Enemy Mayan
By Leo Goldsmith

The Ruins
Dir. Carter Smith / USA / DreamWorks

Fans of the cinematographer Darius Khondji are having a bit of a busy week, with the opening of two new, albeit distinct, films captured through his masterful lens. Wong Kar-wai's sickly sweet tourist film, My Blueberry Nights, and Carter Smith's sick-inducing film about tourists, The Ruins, are each the work of the erstwhile cameraman of choice for Fincher and Jeunet-Caro, though one can scarcely imagine two more divergent films. Of course, world-class DP aside, there's not much that unites them: the former is a loose collection of episodes about lovelorn twentysomethings in search of America, while the latter is a one-note survivalist horror film about horny college kids in search of the way back home. Indeed, at first glance, these two would hardly even seem the work of the same cameraman: Wong's film is shot with the restrained palette of a Texas whorehouse, while The Ruins looks as gray as a skeleton baking in the Mexican desert sun.
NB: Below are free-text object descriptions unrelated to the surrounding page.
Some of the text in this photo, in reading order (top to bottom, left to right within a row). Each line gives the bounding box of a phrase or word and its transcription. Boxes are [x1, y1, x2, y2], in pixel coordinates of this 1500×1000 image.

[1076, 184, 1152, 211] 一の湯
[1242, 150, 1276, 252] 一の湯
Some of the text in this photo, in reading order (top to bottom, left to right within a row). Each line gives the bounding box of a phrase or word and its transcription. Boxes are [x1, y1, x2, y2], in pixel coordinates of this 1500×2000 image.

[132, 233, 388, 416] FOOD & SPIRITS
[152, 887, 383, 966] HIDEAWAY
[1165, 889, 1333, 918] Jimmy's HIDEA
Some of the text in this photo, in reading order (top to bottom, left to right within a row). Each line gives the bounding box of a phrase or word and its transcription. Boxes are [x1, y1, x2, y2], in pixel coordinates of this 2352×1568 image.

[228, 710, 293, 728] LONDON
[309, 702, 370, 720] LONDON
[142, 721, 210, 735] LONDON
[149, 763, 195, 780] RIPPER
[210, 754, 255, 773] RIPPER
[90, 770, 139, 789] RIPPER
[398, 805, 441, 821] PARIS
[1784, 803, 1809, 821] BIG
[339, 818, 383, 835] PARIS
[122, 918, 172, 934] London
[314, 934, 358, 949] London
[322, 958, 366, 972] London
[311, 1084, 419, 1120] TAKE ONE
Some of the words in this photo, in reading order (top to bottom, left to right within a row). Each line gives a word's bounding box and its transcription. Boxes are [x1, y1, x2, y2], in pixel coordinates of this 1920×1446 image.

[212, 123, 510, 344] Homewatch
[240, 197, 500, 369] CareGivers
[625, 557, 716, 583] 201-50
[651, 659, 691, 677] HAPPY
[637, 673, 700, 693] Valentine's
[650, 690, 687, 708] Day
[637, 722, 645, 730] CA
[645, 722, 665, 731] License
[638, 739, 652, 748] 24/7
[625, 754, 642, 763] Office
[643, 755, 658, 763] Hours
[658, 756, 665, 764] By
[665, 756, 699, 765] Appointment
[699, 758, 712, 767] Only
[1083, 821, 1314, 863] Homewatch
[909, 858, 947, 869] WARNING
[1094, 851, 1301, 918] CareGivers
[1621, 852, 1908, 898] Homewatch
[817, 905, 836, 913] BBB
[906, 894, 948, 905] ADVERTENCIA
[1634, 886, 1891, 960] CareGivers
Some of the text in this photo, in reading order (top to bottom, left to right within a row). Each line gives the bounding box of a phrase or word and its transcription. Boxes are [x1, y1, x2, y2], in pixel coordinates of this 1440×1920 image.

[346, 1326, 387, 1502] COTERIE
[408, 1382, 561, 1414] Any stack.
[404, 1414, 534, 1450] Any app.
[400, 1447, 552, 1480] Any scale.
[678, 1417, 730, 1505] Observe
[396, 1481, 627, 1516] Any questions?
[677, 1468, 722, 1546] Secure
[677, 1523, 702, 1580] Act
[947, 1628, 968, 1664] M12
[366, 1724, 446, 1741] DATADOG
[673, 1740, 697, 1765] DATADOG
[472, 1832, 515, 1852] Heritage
The only common theme to be derived from the two films is one that's obvious and fashionable everywhere these days: a vaguely condescending attitude toward Americans. But at least in Smith's film the culturally insensitive gringos get the chance to redeem their more selfish habits, while Wong's itinerant Yanks only have their insatiable Western appetites for drinking, gambling, and pie-eating rewarded with a gooey Hollywood ending.

Gooeyness is to be found everywhere in The Ruins, and it's more or less the one thing this film gets right. But first, there's a dispensable set-up: two young, rich-ish American couples on a Cancun getaway decide to while away a few hours between hangover and Make-Your-Own-Taco Night by following a fellow foreigner from Germany and his seemingly mute Greek pal on a jaunt to some local Mayan ruins. (See how quickly you can guess who dies first.) But these are no ordinary ruins: these are secret, "VIP-only" ruins, and only Europeans know how to get there. So, armed with the German's "vorld-phone" and despite the warnings of a local taxi driver (who's fortunately unscrupulous enough to be hushed with a few pesos), the sightseers soon arrive at a big temple covered in mysterious ivy. With a quick splatter of brains and some girly screaming, our protagonists are inauspiciously surrounded and trapped atop the ruins by a tribe of toothless, corn-eating Mayans who don't even comprende dinero.

Led by the loutish Jeff (Jonathan Tucker), a poor man's Christian Bale who is (luckily or unluckily) also a know-it-all med school student, the group begins to enact a boy scout guidebook’s worth of survival efforts—hoarding water, keeping wounds clean, chasing after cell-phones down dark holes—most of which lead not unpredictably to bone-crunching, blood-gushing catastrophe. Backs are broken and then (rather comically) re-broken, legs are amputated, and all the while the menacing, if plastic-looking ivy begins to spread, taking a particular interest in open wounds and eventually—when all hope for the humans seems lost—giggling.

This truculent trumpet creeper ultimately proves The Ruins’ undoing as well as the protagonists’, as there are few real jolts to propel the film along. It occasionally reaches out to snag a corpse or to propagate eel-like shoots in their bodies, but in all cases it resembles nothing more believable than your garden-variety plastic cubicle decoration. Nor do the location or special effects help much: wide shots of the ruinous temple and its environs (actually New Zealand, but it all looks more like central California) employ a mosaic of computerized blobs to represent the creeper's deadly, all-consuming growth. Duller still, once atop the temple, the movie simply languishes, dying along with its characters, with only a single, cheap-looking variation on this one set and not a lot of activity to pass the time.

One imagines that the filmmakers (including Ben Stiller as executive producer) were desperately trying to inject some creative flair into the movie by employing Khondji, but I dare say they didn't get their money's worth. And with college tuition payments and the economy in the toilet, who can blame poor Darius for slumming it (if not actually trying very hard) in B-horror between prestige projects? It's certainly no concern to the moviegoing public who, when wandering into the multiplex jungle in search of cheap thrills, will no doubt ignore the desperate pleadings of well-meaning movie critics who mean to ward them off such dangers. But listen to this movie critic snob, guys: The Ruins is so bereft of creativity that it fails even to deliver to its base—teenage boys—the ghouls and boobs they so desperately want to see. There's exactly one scene involving a naked woman and some moisturizer, and it's just not worth missing Make-Your-Own-Taco Night for.